▶ [Information provided]
--

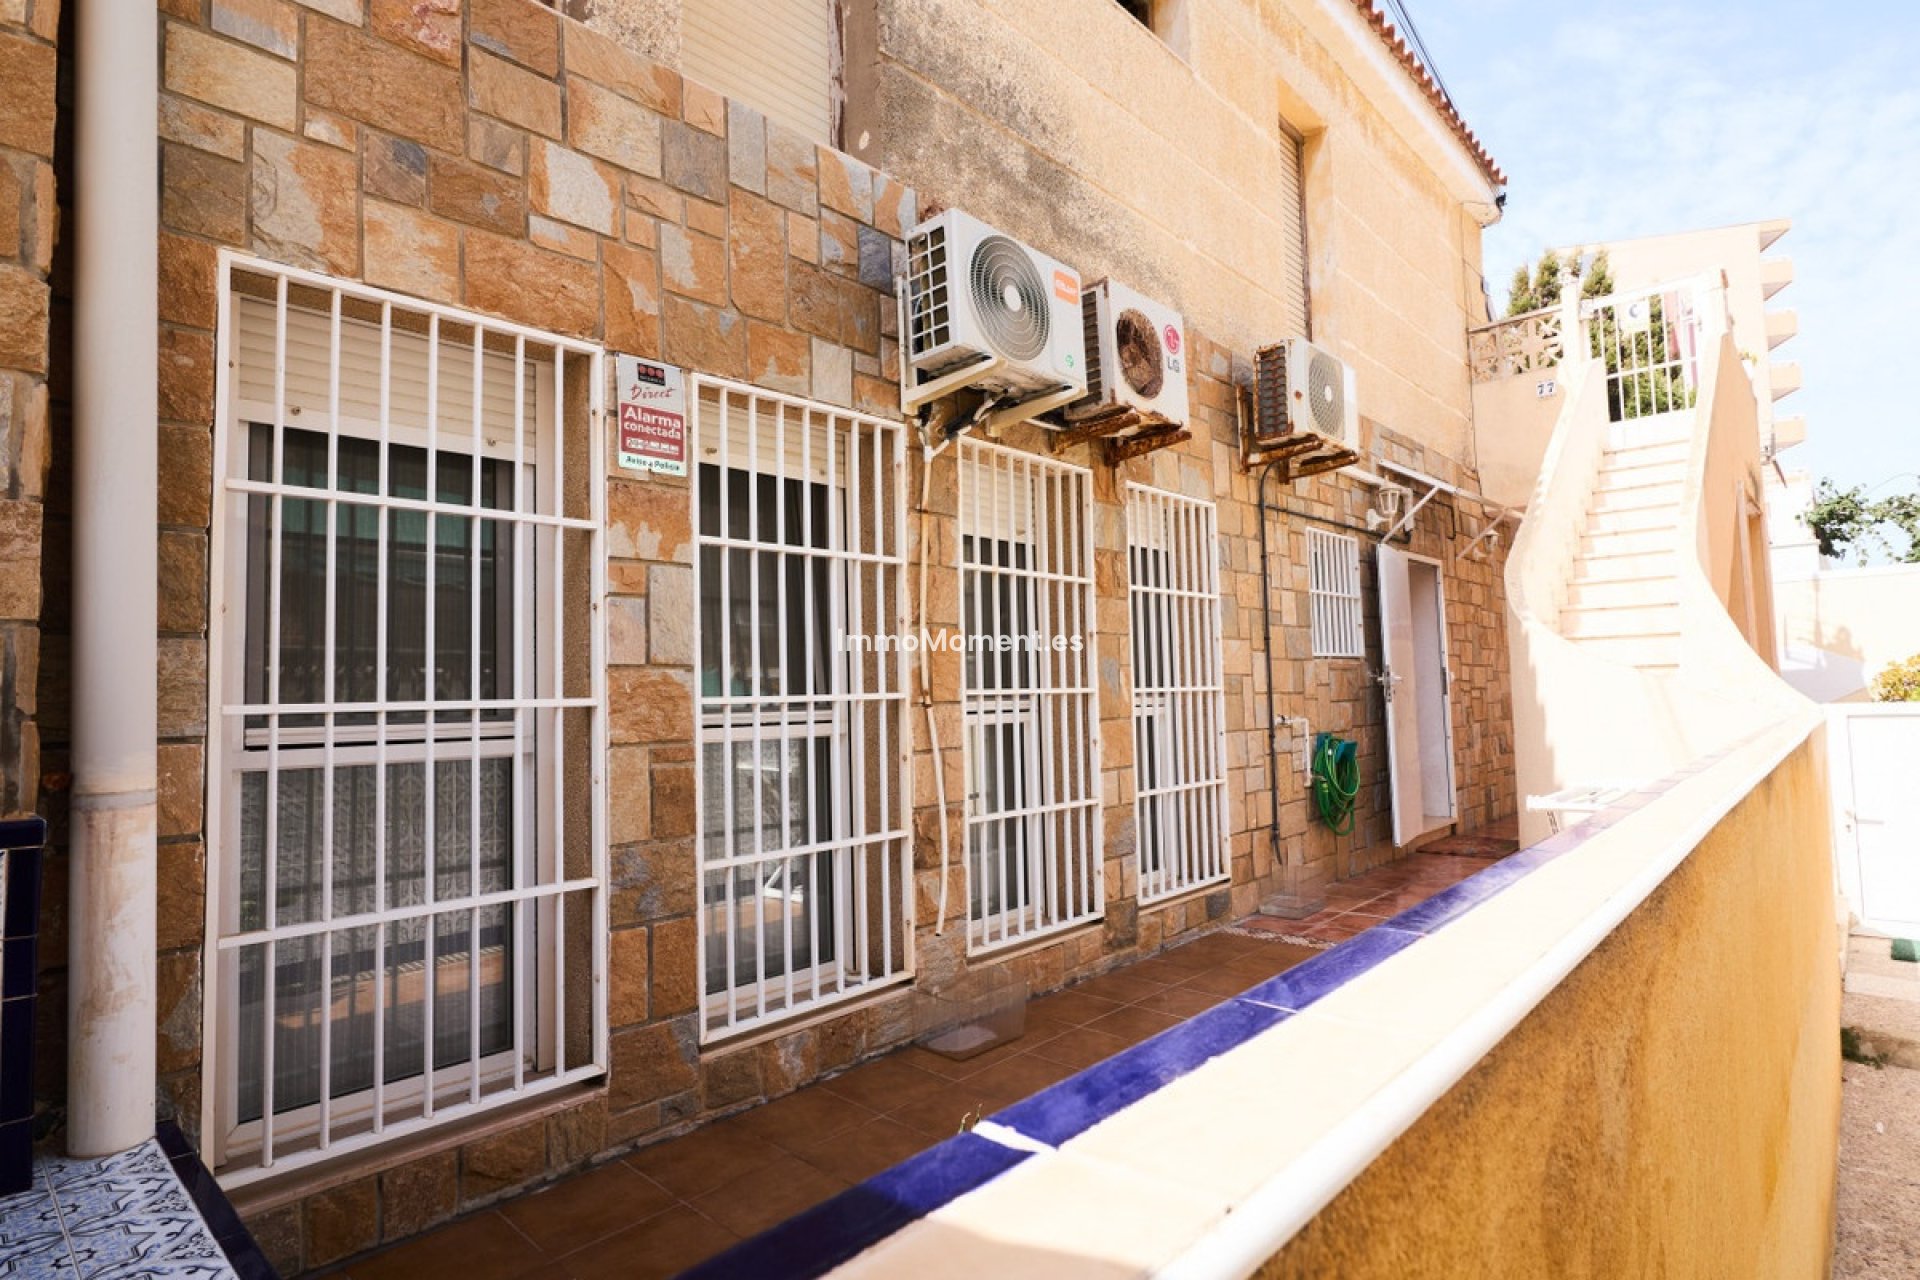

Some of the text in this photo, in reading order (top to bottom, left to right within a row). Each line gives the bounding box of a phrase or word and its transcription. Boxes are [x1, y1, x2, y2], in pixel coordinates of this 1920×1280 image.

[1167, 357, 1180, 373] LG
[624, 406, 680, 429] Alarma
[624, 421, 680, 440] conectada
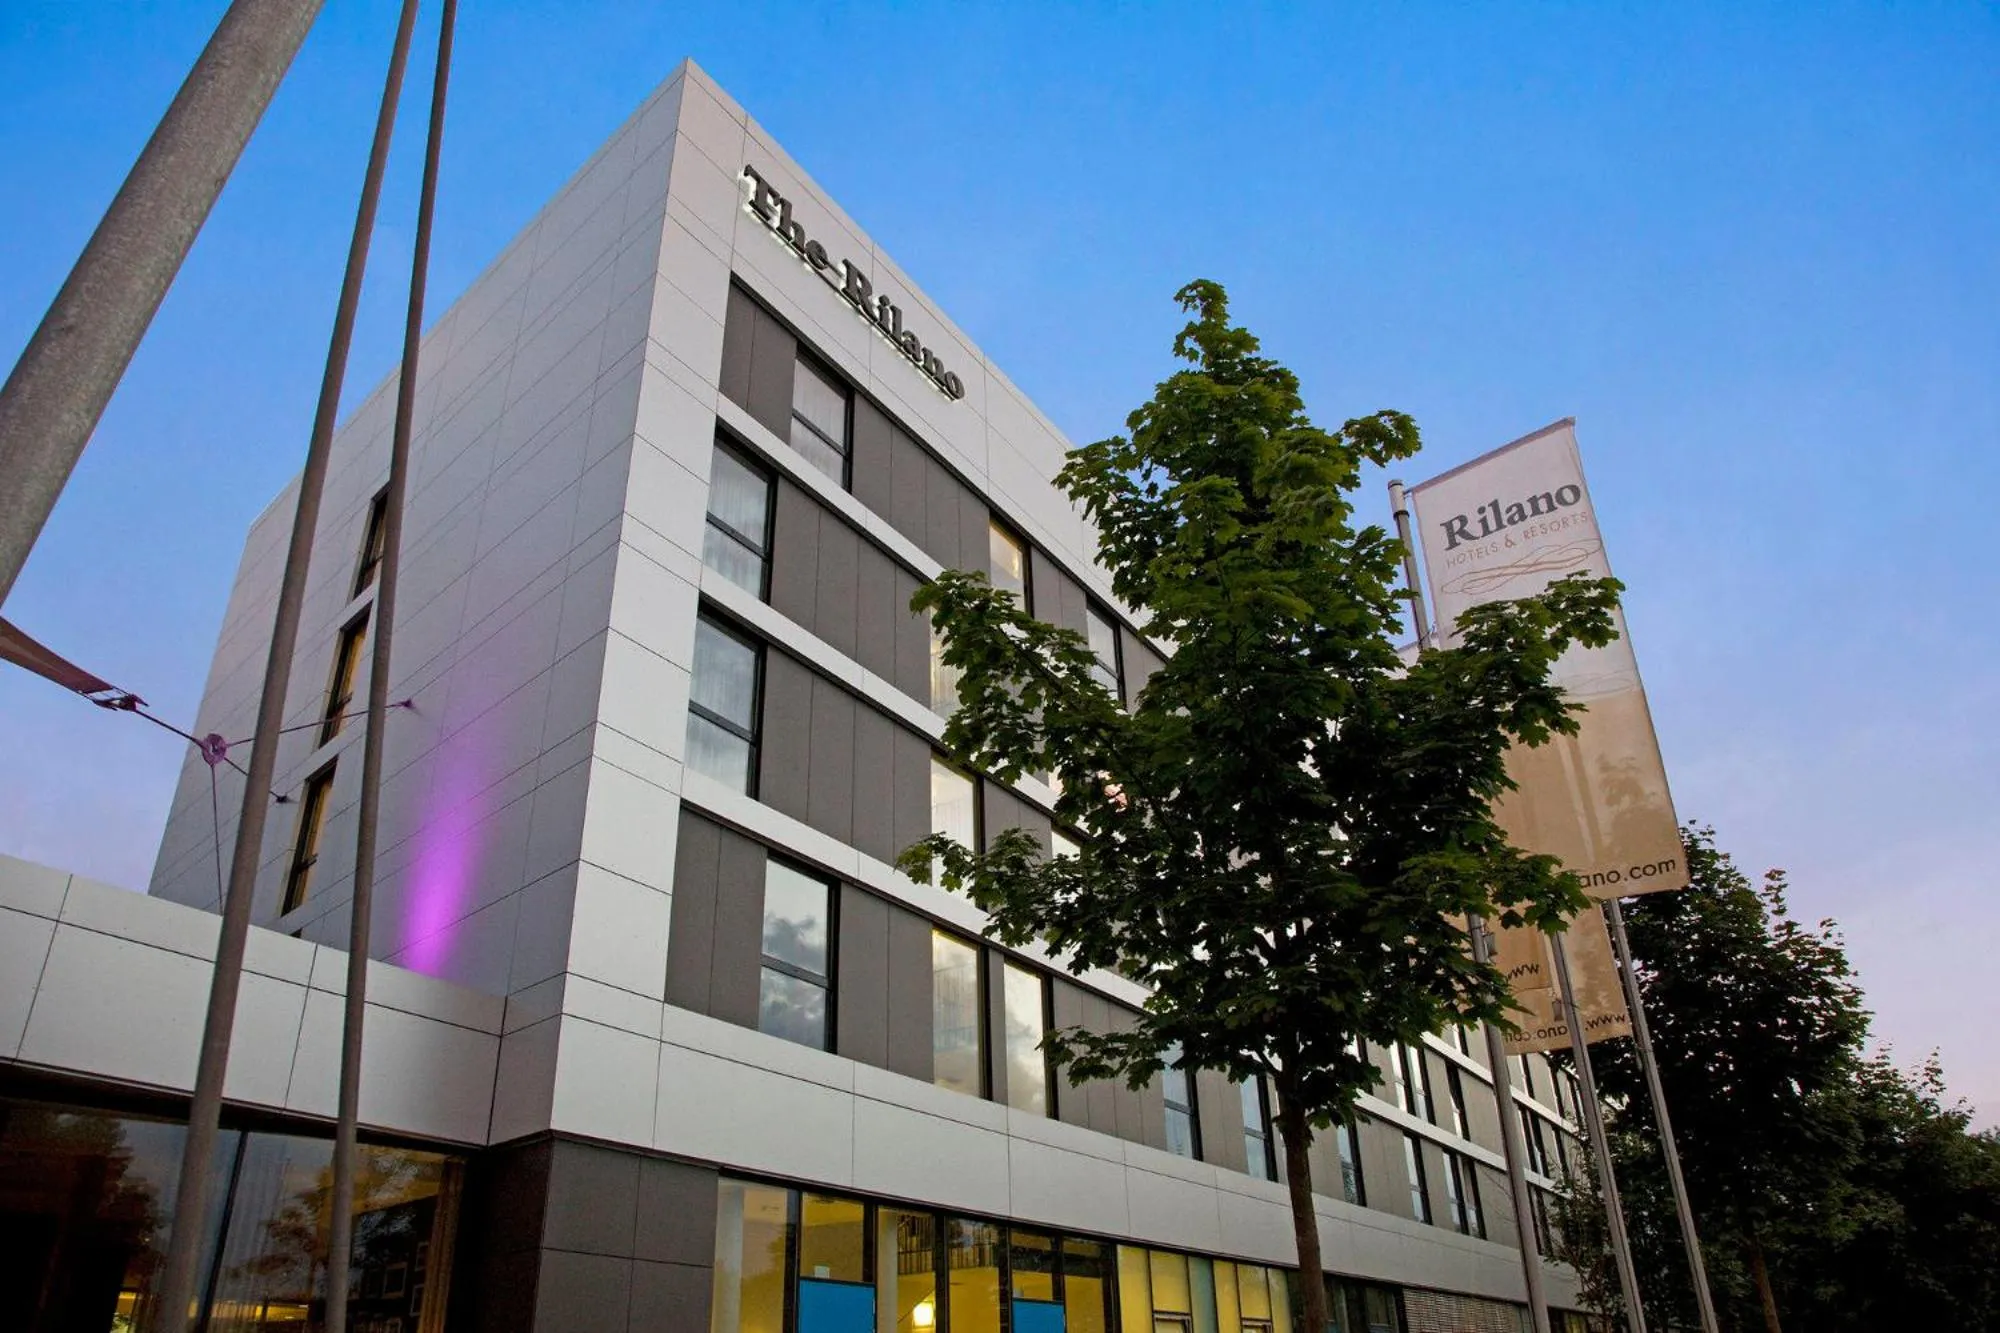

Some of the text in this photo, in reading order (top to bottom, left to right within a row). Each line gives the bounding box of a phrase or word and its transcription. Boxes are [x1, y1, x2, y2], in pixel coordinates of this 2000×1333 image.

[744, 164, 965, 400] The Rilano
[1440, 483, 1581, 551] Rilano
[1446, 511, 1588, 569] HOTELS & RESORTS
[1579, 858, 1676, 889] ano.com

--

Exact repetition of the data is needed, with no images retained.

▶ [Solution for this exercise]
Some of the text in this photo, in reading order (top to bottom, left to right within a row). Each line gives the bounding box of a phrase or word and its transcription. Boxes are [x1, y1, x2, y2], in pixel coordinates of this 1920×1280 image.

[1167, 357, 1180, 373] LG
[624, 406, 680, 429] Alarma
[624, 421, 680, 440] conectada

Some of the text in this photo, in reading order (top to bottom, left to right within a row). Each line gives the bounding box of a phrase or word and its transcription. Boxes are [x1, y1, x2, y2], in pixel coordinates of this 2000×1333 image.

[744, 164, 965, 400] The Rilano
[1440, 483, 1581, 551] Rilano
[1446, 511, 1588, 569] HOTELS & RESORTS
[1579, 858, 1676, 889] ano.com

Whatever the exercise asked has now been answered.